Call Now ≽ 9953056974 ≼🔝 Call Girls In New Ashok Nagar ≼🔝 Delhi door step de...
Call Now ≽ 9953056974 ≼🔝 Call Girls In New Ashok Nagar  ≼🔝 Delhi door step de...Call Now ≽ 9953056974 ≼🔝 Call Girls In New Ashok Nagar  ≼🔝 Delhi door step de...
Call Now ≽ 9953056974 ≼🔝 Call Girls In New Ashok Nagar ≼🔝 Delhi door step de...
 
chapter 5.pptx: drainage and irrigation engineering
chapter 5.pptx: drainage and irrigation engineeringchapter 5.pptx: drainage and irrigation engineering
chapter 5.pptx: drainage and irrigation engineering
 
Thermal Engineering Unit - I & II . ppt
Thermal Engineering  Unit - I & II . pptThermal Engineering  Unit - I & II . ppt
Thermal Engineering Unit - I & II . ppt
 
Top Rated Pune Call Girls Budhwar Peth ⟟ 6297143586 ⟟ Call Me For Genuine Se...
Top Rated  Pune Call Girls Budhwar Peth ⟟ 6297143586 ⟟ Call Me For Genuine Se...Top Rated  Pune Call Girls Budhwar Peth ⟟ 6297143586 ⟟ Call Me For Genuine Se...

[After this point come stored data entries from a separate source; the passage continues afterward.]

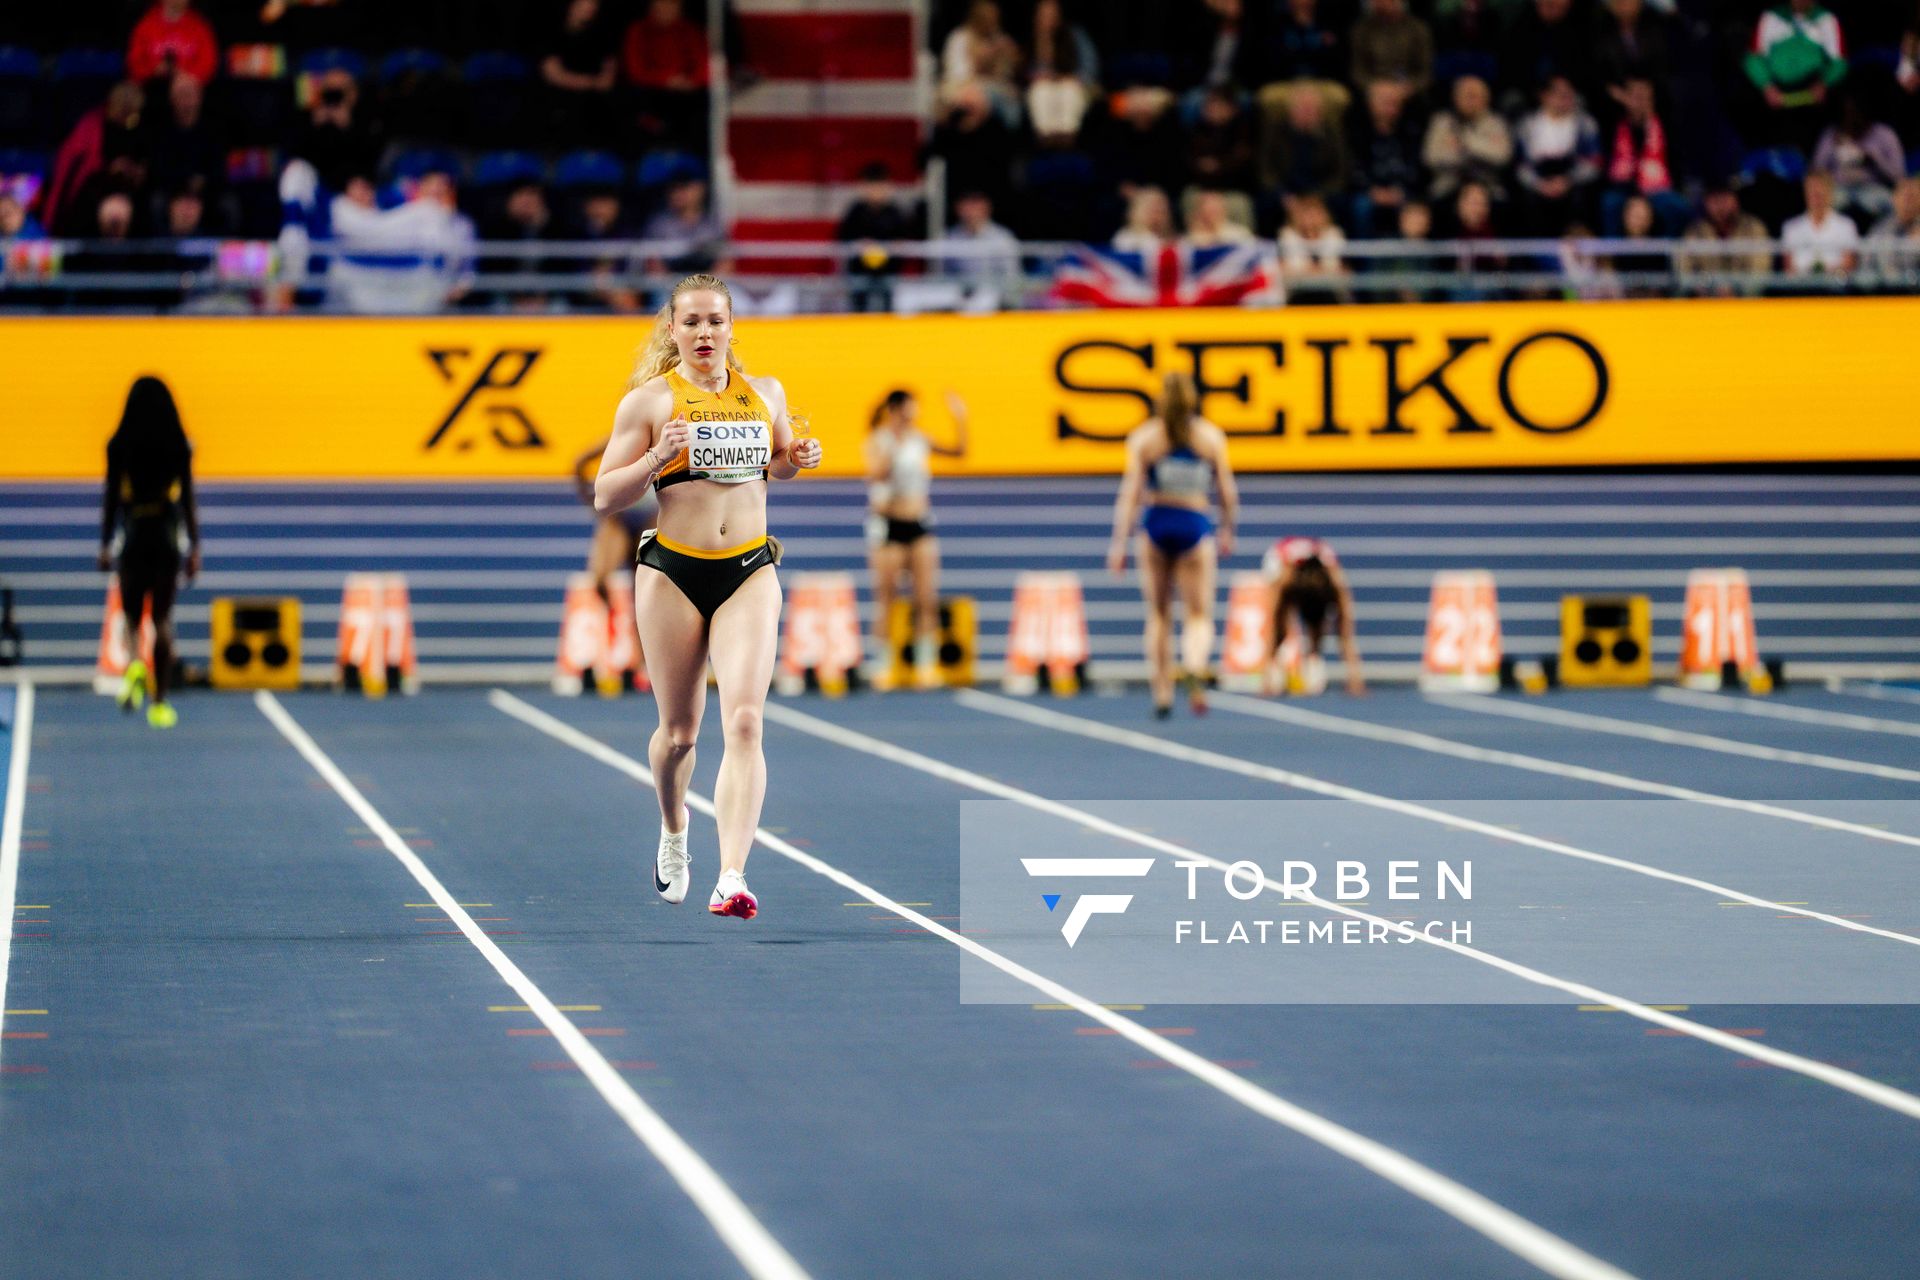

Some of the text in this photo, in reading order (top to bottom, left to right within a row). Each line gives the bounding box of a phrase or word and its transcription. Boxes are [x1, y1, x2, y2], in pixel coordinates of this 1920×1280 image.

[1055, 331, 1609, 442] SEIKO
[690, 410, 762, 422] GERMANY
[697, 426, 763, 440] SONY
[693, 447, 768, 467] SCHWARTZ
[1231, 606, 1266, 666] 3
[1432, 608, 1465, 666] 2
[1691, 608, 1713, 665] 1

Top Rated Pune Call Girls Budhwar Peth ⟟ 6297143586 ⟟ Call Me For Genuine Se...
 
Roadmap to Membership of RICS - Pathways and Routes
Roadmap to Membership of RICS - Pathways and RoutesRoadmap to Membership of RICS - Pathways and Routes
Roadmap to Membership of RICS - Pathways and Routes
 
Intze Overhead Water Tank Design by Working Stress - IS Method.pdf
Intze Overhead Water Tank  Design by Working Stress - IS Method.pdfIntze Overhead Water Tank  Design by Working Stress - IS Method.pdf
Intze Overhead Water Tank Design by Working Stress - IS Method.pdf
 

Entity linking in advertisements

  • 1. Entity linking in Advertisements Team: Mentor: Rounak Patni Pulkit Goel Kumar Rishabh Rohit Jain Siva kumar
  • 2. Goals •Identify important entities within the advertisements. •Link them to corresponding wikipedia pages. •Identify relevant concepts in order to disambigute entity.

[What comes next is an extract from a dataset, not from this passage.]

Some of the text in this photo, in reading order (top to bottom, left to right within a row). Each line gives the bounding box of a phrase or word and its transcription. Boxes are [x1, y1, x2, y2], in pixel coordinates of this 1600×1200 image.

  • 3. Benefits of Wikipedia •Ever-expanding number of Pages in Corpus Wikipedia •A rigorous structure but with low coverage which emulates real world data very well. •Many number of entities including proper names unlikely to be found in any other collection. •Redirect pages or disambiguation pages.
  • 4. Process Overview •Parser Module - This module parses the the given webpage page and produces two documents namely the Advertisments itself and the Document which will later be used to in the final steps to disambigute results of the search module. •Tokenizer Module - Converts the advertisments into a list of tokens. •POS Tagger Module- It is used for marking up a word in an Ad particular part of speech
  • 5. Process Overview •Parsing Module – Returns advertisements in tree format. •Noun Phrase Extraction Module - Extract NP from the tree generated in the previous process. •Noun Phrase Ranking – Ranks NP using a heuristic function.
  • 6. Process Overview •Entity/Keyword Extraction Module:- Probable entity and keywords are extracted from the highest ranked NP. •Search Module – Returns a list of relevant documents. The seach module is basically a inverted index of the wiki dump. We extract only the titles and summary of the page. •Filtering of results – Finds out most likely/close wiki page.
  • 7.
  • 8. Entity Detection •Basic Technique for entity detection is chunk detection via shallow parsing. •This technique reduces the key-words to be searched in the corpus, improving performance and accuracy.
  • 9. Evaluation and Results •Advertisement: An Apple a day keeps the doctor away Wiki Page: Apple(fruit) •Advertisement: Apple innovates relentlessly to make great products , buy an apple Wiki Page: Apple Corporation •Advertisement: Royal Stag , its your life make it large Wiki Page: royal stag
  • 10. Conclusions • It is possible to use NLP techniques to narrow down list of words to be searched in the search engine. •Context can be extracted from the advertisement itslef using NLP techniques. •The search module gives satifactory results on a simple inverted index created using page titles and summary.
  • 11. References •M. Datar, N. Immorlica, P. Indyk, and V.S. Mirrokni, “Locality-sensitive hashing scheme based on p-stable distributions,―Symposium on Computational Geometry pp. 253–262, 2004. •A.Z. Broder, “On the resemblance and containment of documents,― Proc. Compression and Complexity of Sequences, pp. 21–29, Positano Italy, 1997 •A. Andoni and P. Indyk, “Near-optimal hashing algorithms for approximate nearest neighbor in high dimensions,―Comm. ACM 51:1, pp. 117– 122, 2008.